137 Pillars House in Chiang Mai, Thailand from Chris Woods's book "Gardenlust." CHRIS WOODS

Gardens by the Bay and Parkroyal Hotel (Singapore) from Chris Woods's book

Gardens by the Bay and Parkroyal Hotel (Singapore) from Chris Woods's book "Gardenlust." CHRIS WOODS

The Miracle Garden (Dubai, United Arab Emirates) from Chris Woods's

The Miracle Garden (Dubai, United Arab Emirates) from Chris Woods's "Gardenlust."

A Garden of Shape and Light (Marrakech, Morocco) from Chris Woods's book

A Garden of Shape and Light (Marrakech, Morocco) from Chris Woods's book "Gardenlust." CHRIS WOODS

"Gardenlust: A Botanical Tour of the World’s Best New Gardens" by Chris Woods.

Chris Woods

Chris Woods

Brendan J. O’Reilly on Feb 2, 2020

Over the course of his horticultural career, and in narrowing down the best gardens of the 21st century to 50, Chris Woods has found that great gardens all have one important thing in common: “They have joy.”
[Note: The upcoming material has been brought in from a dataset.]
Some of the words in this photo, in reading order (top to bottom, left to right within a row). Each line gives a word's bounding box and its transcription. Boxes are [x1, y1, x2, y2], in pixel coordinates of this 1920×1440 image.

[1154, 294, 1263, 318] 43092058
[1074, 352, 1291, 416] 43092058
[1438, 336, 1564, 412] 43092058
Mr. Woods, speaking earlier this month from his home in Portland, Oregon, explained how he went about selecting sites for “Gardenlust: A Botanical Tour of the World’s Best New Gardens,” his 2018 book.

“They can be the most cerebral garden, the most intellectual garden. They can be a large botanic garden or a small private garden. But what I’ve found, traveling the world … and interviewing many, many people, is this sense of joy, this sense of delight that people have around plants and around gardens and design, and trying to express themselves through the medium of horticulture.”

Mr. Woods spent three years traveling the world to work on “Gardenlust.” He said he wanted to make the book as diverse as possible but settled on 50 gardens for space and logistical reasons.

They are a mix of public and private spaces, such as a botanical garden outside of Shanghai, China, and a private garden in New Zealand. The gardens span six continents, and each was planted or substantially altered in the 21st century. “There aren’t any gardens in Antarctica,” Mr. Woods noted. “If there had been one, I would have been there, probably.”

He will discuss his book, his travels and his career in Bridgehampton on Sunday, February 9, for the Horticultural Alliance of the Hamptons monthly lecture series.

Mr. Woods is English and was born in London. His interest in horticulture began when he looked for a job that would fulfill his desire to be out in the country. Though he was young and did not have a great interest in gardening, he found employment with the Royal Botanic Gardens, Kew, in the London suburbs, and thought he would “spend six or nine months fiddling about outside,” he recalled.

“I got a job as an apprentice gardener, and within a week I thought, ‘This is really great.’ And I got hooked ever since.”

Mr. Woods is now 66 years old — that was 40-some years ago.

He started off taking a course at Kew, then continued his education with the National Trust. He came to the United States in 1981 and did some work for Cornell University, then, in 1983, he started as a gardener at Chanticleer, a 48-acre botanical garden in Wayne, Pennsylvania, and worked his way up to becoming the garden’s first director.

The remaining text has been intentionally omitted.